Transcribe all records below exactly, without images.

Spatial localization data:
^^^^

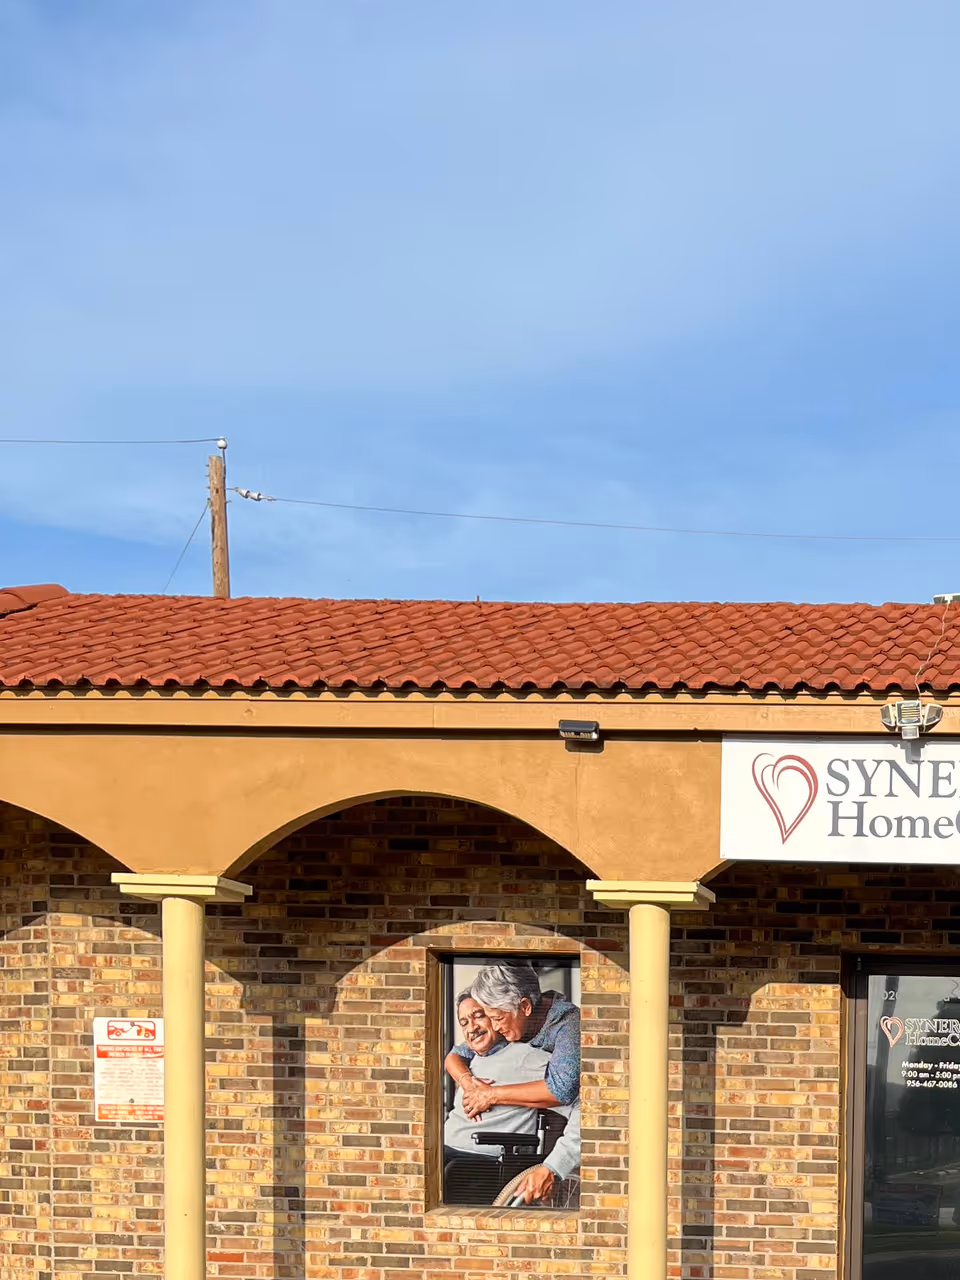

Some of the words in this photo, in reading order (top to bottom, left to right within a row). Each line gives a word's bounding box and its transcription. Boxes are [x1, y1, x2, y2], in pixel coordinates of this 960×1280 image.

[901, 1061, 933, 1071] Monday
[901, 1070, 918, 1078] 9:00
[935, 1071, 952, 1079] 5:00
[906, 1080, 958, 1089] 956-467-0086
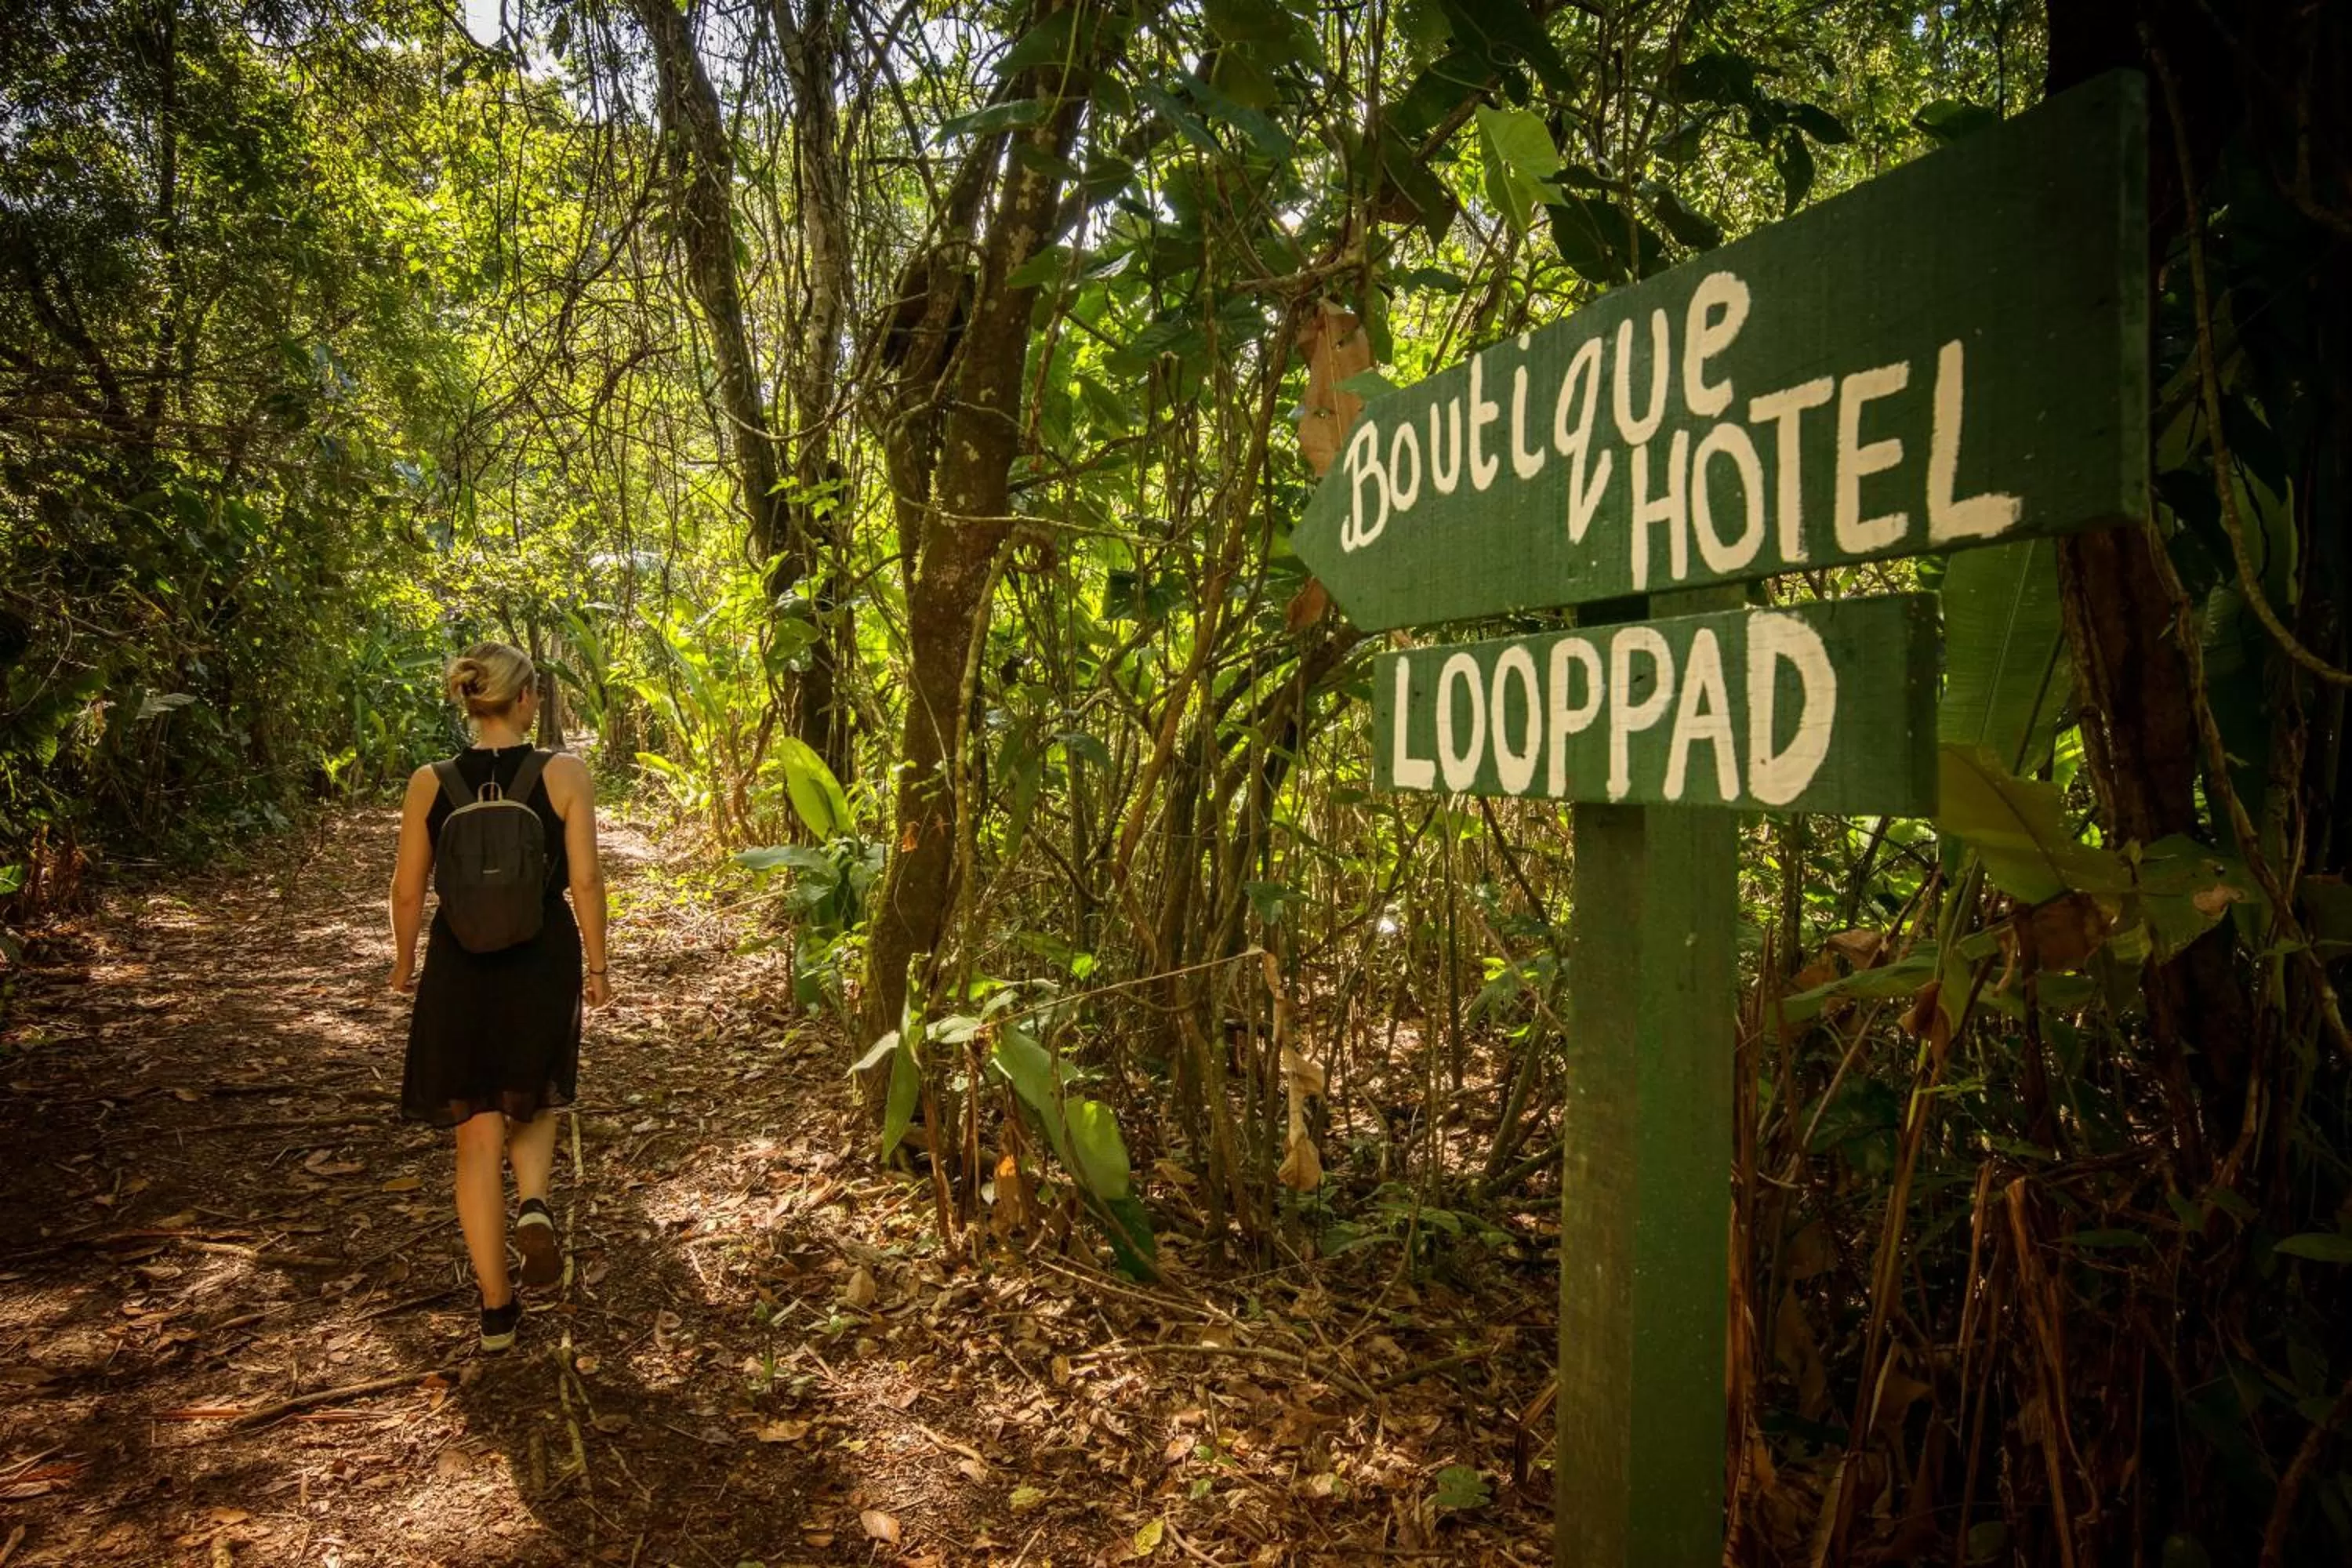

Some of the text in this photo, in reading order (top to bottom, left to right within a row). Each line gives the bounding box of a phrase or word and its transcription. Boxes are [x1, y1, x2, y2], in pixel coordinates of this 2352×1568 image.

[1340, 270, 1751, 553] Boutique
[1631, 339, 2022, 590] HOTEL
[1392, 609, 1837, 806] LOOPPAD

^^^^

» Solution to this problem
Some of the words in this photo, in reading order (top to bottom, left to right within a row). Each line gives a word's bounding box and its transcription. Boxes are [x1, y1, x2, y2], in pixel coordinates of this 960×1280 image.

[901, 1061, 933, 1071] Monday
[901, 1070, 918, 1078] 9:00
[935, 1071, 952, 1079] 5:00
[906, 1080, 958, 1089] 956-467-0086

Some of the text in this photo, in reading order (top to bottom, left to right within a row). Each line gives the bounding box of a phrase or word and its transcription. Boxes are [x1, y1, x2, y2], in pixel coordinates of this 2352×1568 image.

[1340, 270, 1751, 553] Boutique
[1631, 339, 2022, 590] HOTEL
[1392, 609, 1837, 806] LOOPPAD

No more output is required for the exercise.